Robust household spending fueled the BoC’s about-face to hike rates as consumers’ stellar performance in Q1 absorbed a significant amount of the remaining slack in the economy. The positive momentum was further confirmed with the 30 June release of April’s strong GDP print. Moreover, underpinning healthy spending so far this year have been steady upticks in employment and real wages, which suggest there is declining excess capacity in the economy. Economic growth has broadened across industries and regions, suggesting that further growth this year will be sustainable in the absence of monetary stimulus. Further pressure to bring forward the onset of the Bank’s long-expected tightening cycle was applied by the fully-recovered energy sector and an economy more fully-adjusted to lower oil prices, having put the oil shock firmly in the rearview in recent months.
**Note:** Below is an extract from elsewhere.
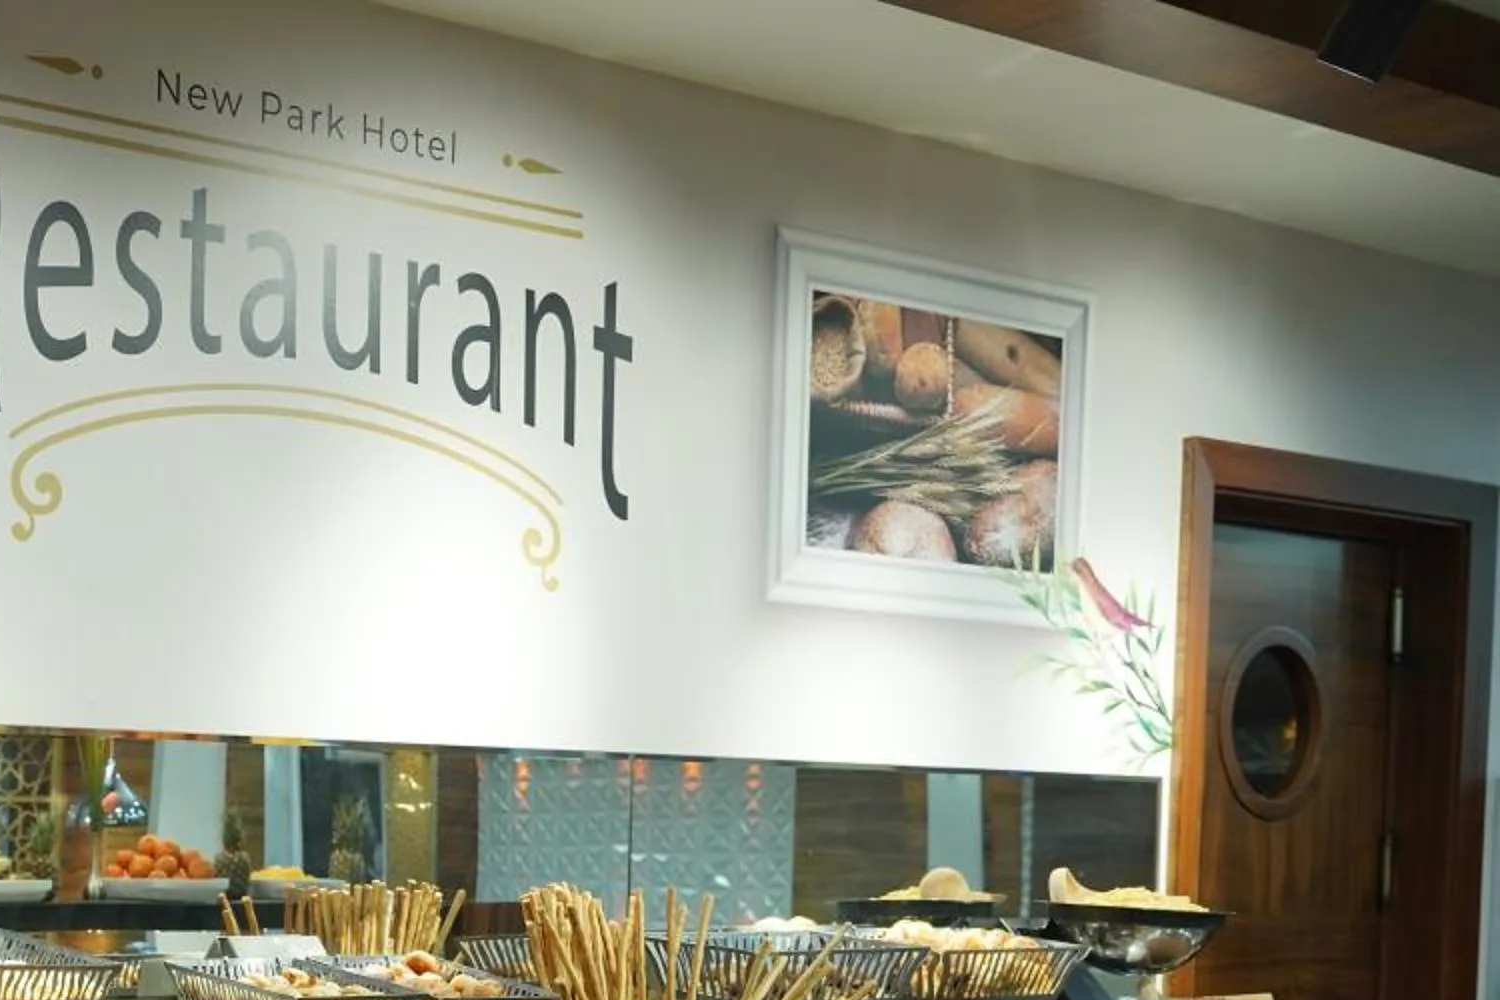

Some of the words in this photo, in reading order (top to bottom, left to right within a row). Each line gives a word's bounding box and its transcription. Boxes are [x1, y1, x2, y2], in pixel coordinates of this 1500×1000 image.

[155, 68, 243, 117] New
[261, 91, 345, 139] Park
[363, 113, 457, 164] Hotel
Pressure to raise rates increased in recent months as worsening housing market dynamics—especially in Toronto and Vancouver—risk an outsized correction. Although recent policy measures to rein in mortgage lending have kept debt profiles broadly sustainable, sky-high consumer debt levels have continued inching up and, at 167% of disposable income, they remain the highest among the G7 economies. Despite Poloz’s clear statements that raising rates was not seen by the Bank as an effective mechanism to curb the overheated housing market, the move is likely to initiate some cooling-off in asset prices.

In its statement, the BoC acknowledged that inflation, by every measure, has been stubbornly low but argued that temporary factors were to blame for the softness. With that, the Bank charged that inflation would return to the 2.0% midpoint of the target range by mid-2018 as these factors fade. Looking ahead, the Bank struck a hawkish tone and left the door wide open for additional rate hikes later this year, although it made clear that significant challenges still faced the economy in the near term—including investment and ongoing trade disputes with the United States.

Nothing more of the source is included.